■ **AIM OF THE EXERCISE**: Would you transcribe each entry precisely as it stands, setting aside any images?

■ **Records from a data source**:
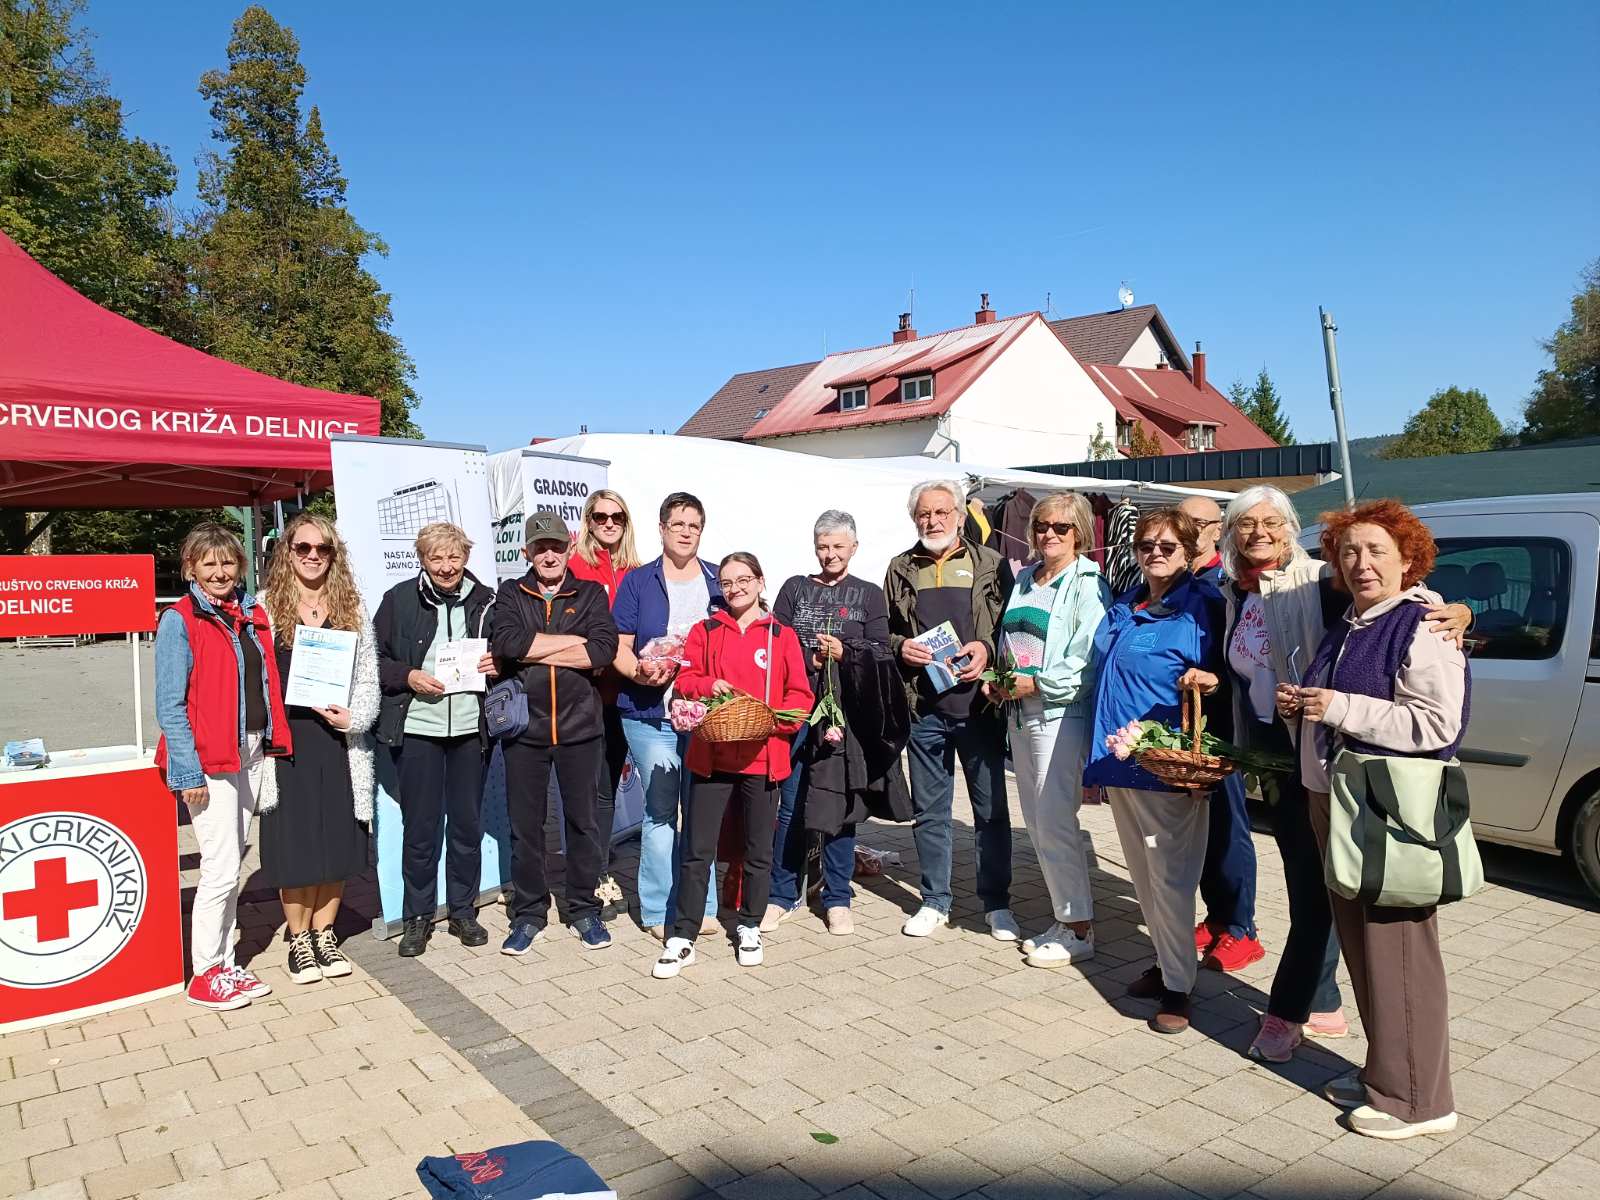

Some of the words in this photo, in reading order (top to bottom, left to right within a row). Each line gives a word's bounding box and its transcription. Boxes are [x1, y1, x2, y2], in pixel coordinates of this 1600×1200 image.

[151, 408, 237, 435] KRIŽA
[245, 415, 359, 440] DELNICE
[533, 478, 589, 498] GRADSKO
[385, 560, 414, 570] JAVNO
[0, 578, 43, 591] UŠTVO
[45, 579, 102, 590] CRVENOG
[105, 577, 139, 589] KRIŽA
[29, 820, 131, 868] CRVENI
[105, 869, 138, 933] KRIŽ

■ **SOLUTION FOR THIS TASK**:
Some of the words in this photo, in reading order (top to bottom, left to right within a row). Each line gives a word's bounding box and its transcription. Boxes are [x1, y1, x2, y2], in pixel coordinates of this 1600×1200 image.

[151, 408, 237, 435] KRIŽA
[245, 415, 359, 440] DELNICE
[533, 478, 589, 498] GRADSKO
[385, 560, 414, 570] JAVNO
[0, 578, 43, 591] UŠTVO
[45, 579, 102, 590] CRVENOG
[105, 577, 139, 589] KRIŽA
[29, 820, 131, 868] CRVENI
[105, 869, 138, 933] KRIŽ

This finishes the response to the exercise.